Saved entries:
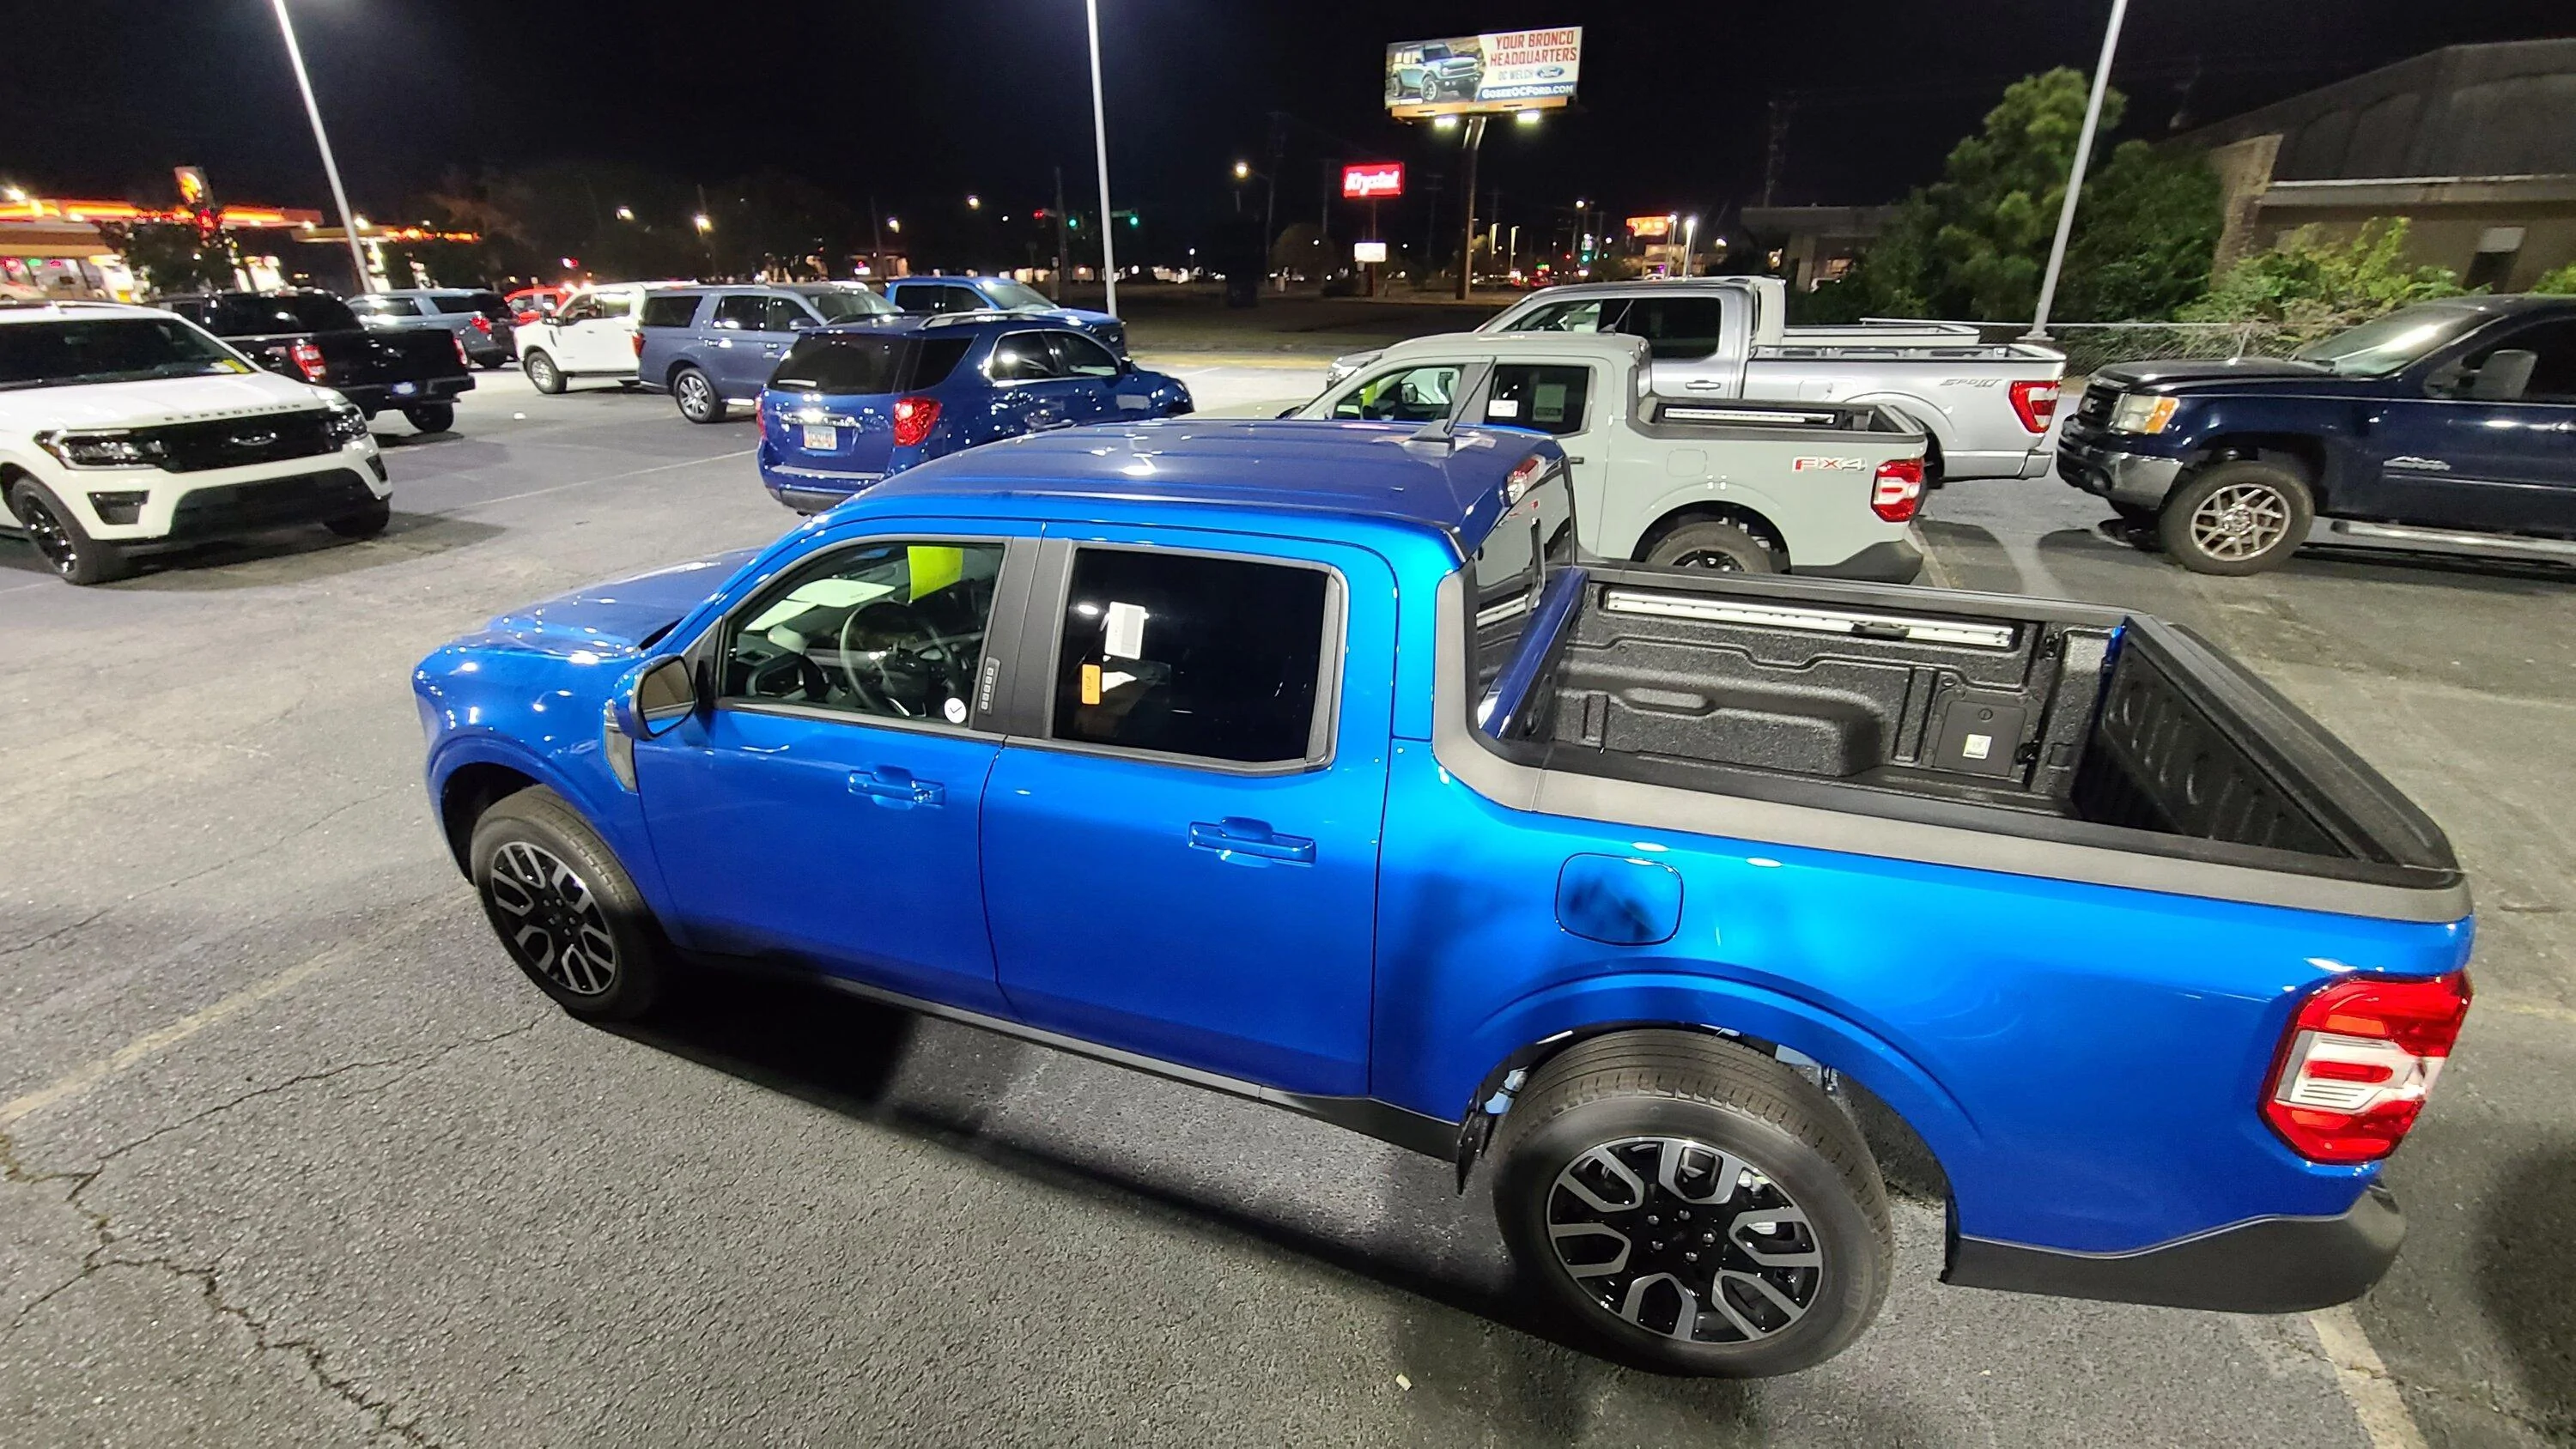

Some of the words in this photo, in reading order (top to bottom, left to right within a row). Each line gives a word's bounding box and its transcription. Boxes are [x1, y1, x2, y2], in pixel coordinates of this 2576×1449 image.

[1496, 34, 1525, 50] YOUR
[1528, 30, 1575, 47] BRONCO
[1490, 47, 1577, 66] HEADQUARTERS
[1344, 170, 1400, 196] Krystal
[1792, 456, 1867, 473] FX4

**PROBLEM TO SOLVE**
Could you repeat all of the entries exactly, without the pictures?

**ANSWER AREA**
Some of the words in this photo, in reading order (top to bottom, left to right within a row). Each line gives a word's bounding box and its transcription. Boxes are [x1, y1, x2, y2], in pixel coordinates of this 2576×1449 image.

[1496, 34, 1525, 50] YOUR
[1528, 30, 1575, 47] BRONCO
[1490, 47, 1577, 66] HEADQUARTERS
[1344, 170, 1400, 196] Krystal
[1792, 456, 1867, 473] FX4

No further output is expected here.